● **Task item**
While copying the entries exactly, leave out each picture they contain.

[Dataset entries]

==================================================

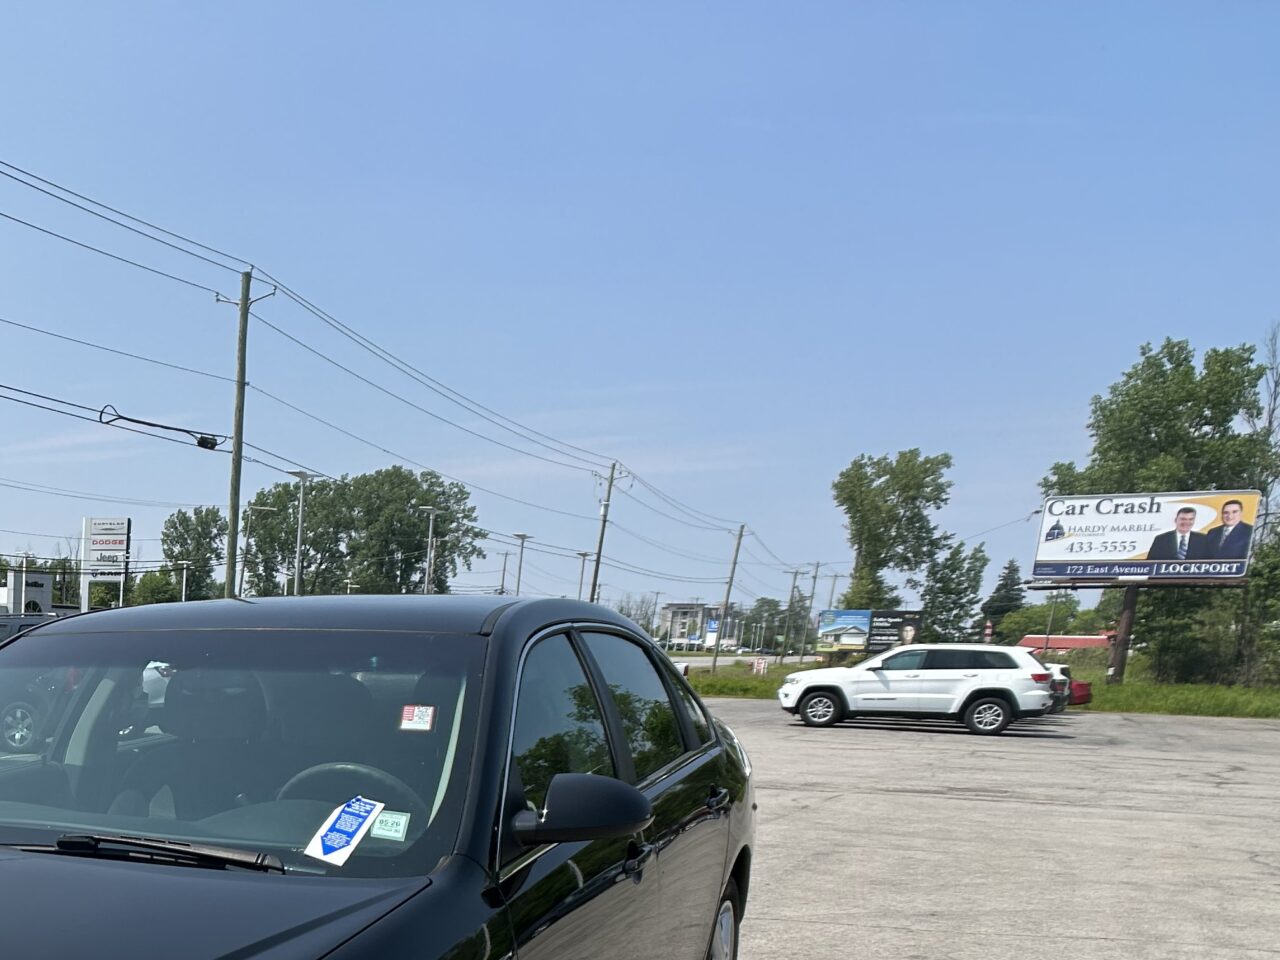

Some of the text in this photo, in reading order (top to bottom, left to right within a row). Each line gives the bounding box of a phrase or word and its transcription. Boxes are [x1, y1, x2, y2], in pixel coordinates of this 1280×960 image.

[1048, 496, 1162, 517] Car Crash
[1067, 523, 1155, 534] HARDY MARBLE
[1065, 540, 1137, 553] 433-5555
[96, 552, 118, 562] Jeep
[1065, 564, 1083, 574] 172
[1086, 564, 1108, 574] East
[1110, 564, 1150, 574] Avenue
[1159, 562, 1241, 574] LOCKPORT

==================================================

● **The completed task**
Some of the text in this photo, in reading order (top to bottom, left to right within a row). Each line gives the bounding box of a phrase or word and its transcription. Boxes are [x1, y1, x2, y2], in pixel coordinates of this 1280×960 image.

[1048, 496, 1162, 517] Car Crash
[1067, 523, 1155, 534] HARDY MARBLE
[1065, 540, 1137, 553] 433-5555
[96, 552, 118, 562] Jeep
[1065, 564, 1083, 574] 172
[1086, 564, 1108, 574] East
[1110, 564, 1150, 574] Avenue
[1159, 562, 1241, 574] LOCKPORT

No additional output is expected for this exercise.